Впрочем, еще неизвестно, чем кончится эта война и для него самого, Василия Мануйлова. Бог знает, сколько она продлится и удастся ли ему выбраться из Ленинграда, который немцы закупорили, как… как банку с беломорскими селедками, но не в томатном соусе, а в собственном соку. А соку-то у этой тощей селедки — кот наплакал.

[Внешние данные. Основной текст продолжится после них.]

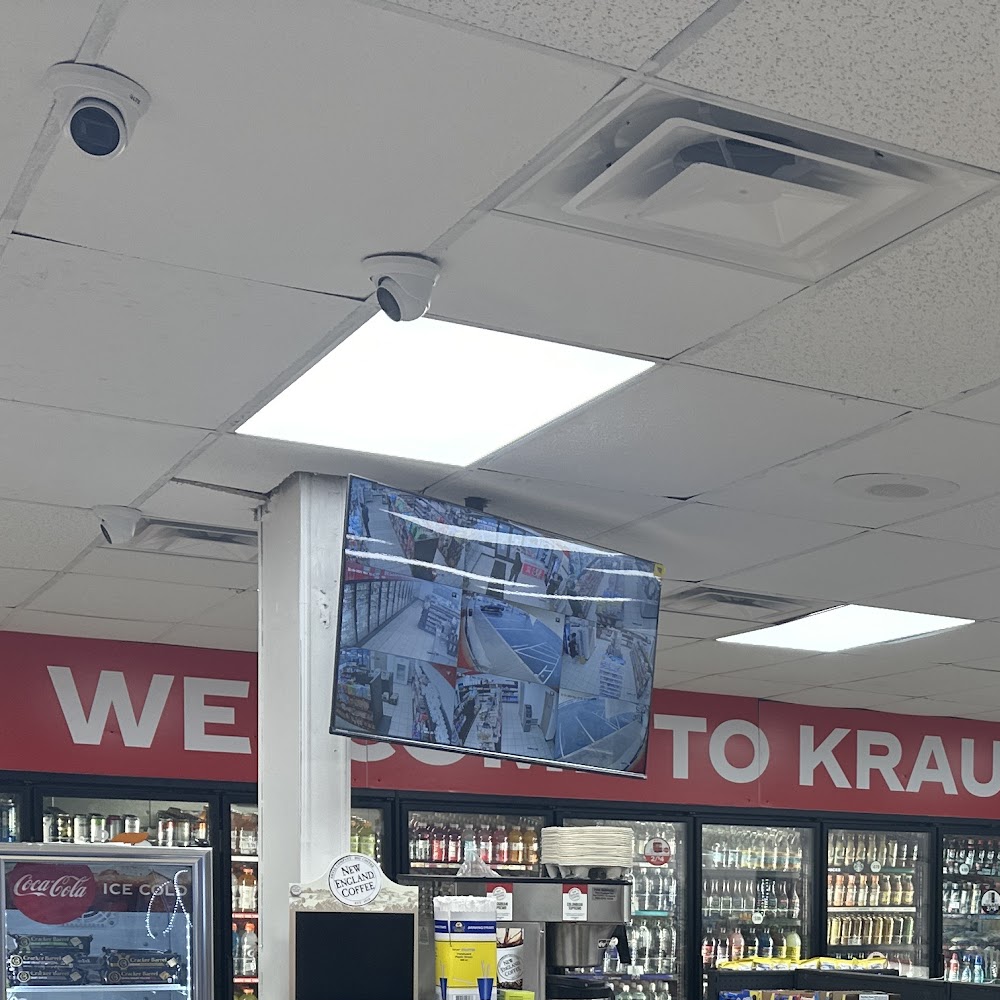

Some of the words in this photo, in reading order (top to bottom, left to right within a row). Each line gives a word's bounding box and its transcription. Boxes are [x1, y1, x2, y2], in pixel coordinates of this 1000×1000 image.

[653, 714, 770, 783] TO
[341, 864, 361, 876] NEW
[13, 874, 92, 898] Coca-Cola
[334, 871, 375, 889] ENGLAND
[103, 883, 133, 896] ICE
[139, 883, 188, 897] COLD
[341, 882, 375, 898] COFFEE
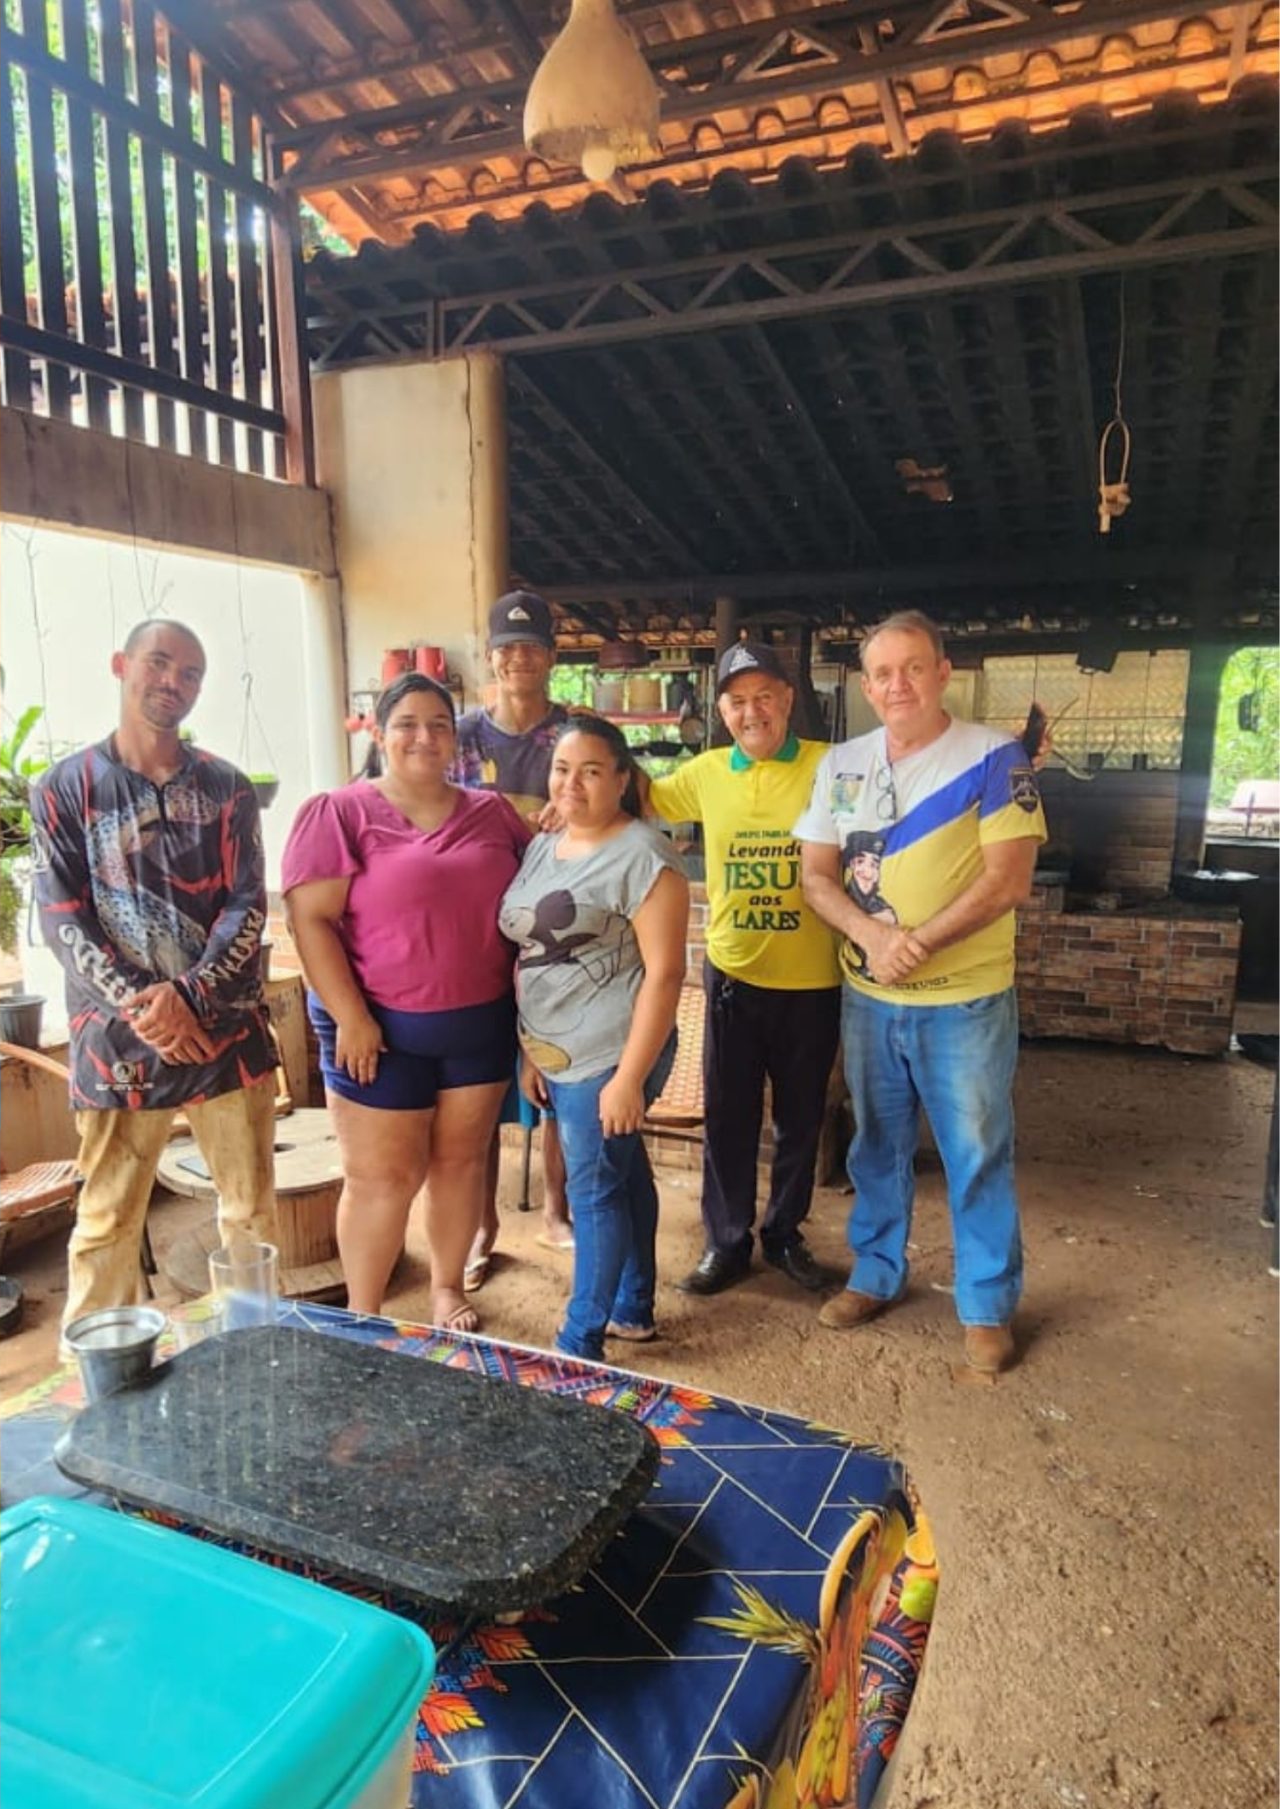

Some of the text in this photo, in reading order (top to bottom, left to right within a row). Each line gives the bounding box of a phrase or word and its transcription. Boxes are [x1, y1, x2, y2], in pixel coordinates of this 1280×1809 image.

[724, 861, 799, 896] JESU
[749, 895, 783, 906] aos
[733, 909, 801, 931] LARES

На другой день вечером Василий провожал Димку на фронт. Оказывается, Ерофеев успел закончить ускоренные курсы командиров противотанковой артиллерии, но формы командирской так и не получил: не было формы — вся будто бы сгорела на складах от немецких бомбежек. Сказали — на месте выдадут. Если найдется. Так и ехал Димка на фронт в своем плаще, в своих стоптанных сапогах и в стареньком костюме, из которого далеко торчали его длинные руки.

Ехали они на трамвае, у которого не было ни стекол, ни дверей и который ходил до войны до Урицка, бывшего дачным поселком Лигово, а нынче почти до самой передовой, потому что Урицк был у немцев. Говорили в пути мало: за день все было переговорено, да и то — Василием, который старался как-то отвлечь своего приятеля от тяжелых мыслей.

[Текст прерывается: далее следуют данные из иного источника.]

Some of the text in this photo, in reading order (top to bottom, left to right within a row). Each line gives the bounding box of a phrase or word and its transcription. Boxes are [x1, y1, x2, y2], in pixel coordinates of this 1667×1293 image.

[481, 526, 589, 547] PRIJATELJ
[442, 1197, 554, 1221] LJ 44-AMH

Просился он у Димки взять и его с собой, да Димка не согласился:

— Кем я тебя возьму? — спросил он, критически оглядывая Василия. — У меня направление в артиллерийскую часть, а ты и пушки-то лишь на параде видел.

— Ты же знаешь: я быстро схватываю, — пытался убедить Димку Василий. — Нормальным порядком меня на фронт не берут: чахотка. Так мне чем здесь подыхать, лучше на фронте: может, пару фрицев с собой на тот свет прихвачу…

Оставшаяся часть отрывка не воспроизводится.